The magnitude of Sunday's RRR cut confirms that authorities have become increasingly dependent on equity markets, economists say.

Beijing is using the stock market to stimulate innovation and entrepreneurship and channel liquidity to the real economy to hedge economic downside risk, as well as to facilitate deleveraging of state-owned enterprises, HSBC said in a report. "[The RRR cut] is a political goal to create wealth effects in both A- and H-share markets."

Read More Don't invest in China: Professor

This past weekend was a replay of recent events, according to Macquarie Securities. Three months ago, the CSRC rolled out margin financing curbs on a Friday, only to back down Monday night after markets slumped.
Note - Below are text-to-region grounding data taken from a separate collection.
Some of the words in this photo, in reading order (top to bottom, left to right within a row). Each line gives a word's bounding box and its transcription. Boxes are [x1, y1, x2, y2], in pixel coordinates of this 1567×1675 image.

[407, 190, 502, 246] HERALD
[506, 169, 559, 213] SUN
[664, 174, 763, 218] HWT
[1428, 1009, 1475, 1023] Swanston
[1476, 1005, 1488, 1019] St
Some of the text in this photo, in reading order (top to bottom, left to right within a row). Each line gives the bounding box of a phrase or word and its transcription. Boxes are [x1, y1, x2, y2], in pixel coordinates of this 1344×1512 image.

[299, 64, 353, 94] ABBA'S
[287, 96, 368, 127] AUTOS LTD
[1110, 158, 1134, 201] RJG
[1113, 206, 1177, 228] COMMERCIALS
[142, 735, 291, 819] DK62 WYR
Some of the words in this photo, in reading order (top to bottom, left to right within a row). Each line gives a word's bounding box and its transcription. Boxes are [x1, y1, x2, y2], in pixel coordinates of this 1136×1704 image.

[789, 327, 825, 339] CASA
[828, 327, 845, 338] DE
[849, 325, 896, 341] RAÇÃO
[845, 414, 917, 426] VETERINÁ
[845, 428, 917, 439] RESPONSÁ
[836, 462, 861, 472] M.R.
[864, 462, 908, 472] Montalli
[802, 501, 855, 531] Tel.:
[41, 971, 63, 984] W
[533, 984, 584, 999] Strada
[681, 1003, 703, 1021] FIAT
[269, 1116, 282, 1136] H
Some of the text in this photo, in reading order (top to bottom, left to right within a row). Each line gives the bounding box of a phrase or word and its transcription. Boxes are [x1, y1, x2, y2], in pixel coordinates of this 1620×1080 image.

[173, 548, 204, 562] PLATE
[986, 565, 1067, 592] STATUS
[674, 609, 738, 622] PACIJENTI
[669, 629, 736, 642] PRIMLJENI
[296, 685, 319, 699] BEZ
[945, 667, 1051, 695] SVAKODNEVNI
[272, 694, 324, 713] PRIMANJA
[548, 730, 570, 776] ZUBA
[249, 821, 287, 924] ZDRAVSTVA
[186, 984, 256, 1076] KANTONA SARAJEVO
These about-turns in policy aren't surprising though "as policy makers need equity markets more than ever," the bank said.

Markets widely expect further RRR cuts between May and June, with Sunday's announcement marking the central bank's shift to an aggressive easing cycle from its previous method of 'targeted stimulus.'

Macquarie expects an interest rate cut in May, followed by a 50-bps RRR cut later in the year. Over the next five years, it expects China to cut the RRR at least twenty times. Meanwhile, HSBC expects lower interest rates during the second-quarter and another 100 basis-point reserve ratio cut sometime in the second half of the year.

But traders shouldn't fear that such powerful monetary easing will stoke Chinese equities further following seven weeks of gains. Shanghai and Hong Kong stocks swung between gains and losses during a choppy session on Monday, with the Shanghai Composite 1.5 percent higher at one point.

"We suspect that most investors will throw caution to the wind now given the unmistakable signal from the government to buy stocks," said a Bank of America Merrill Lynch research report. "If onshore liquidity fails to drive A-shares significantly higher in coming weeks, the market may peak reasonably soon."

"Crazy things like a 100 bps RRR cut are not going to help confidence. It's going to make people respond in the short term, but people will remain negative in the long-term," agreed MBMG's Gambles, who recommends investors to cash out now.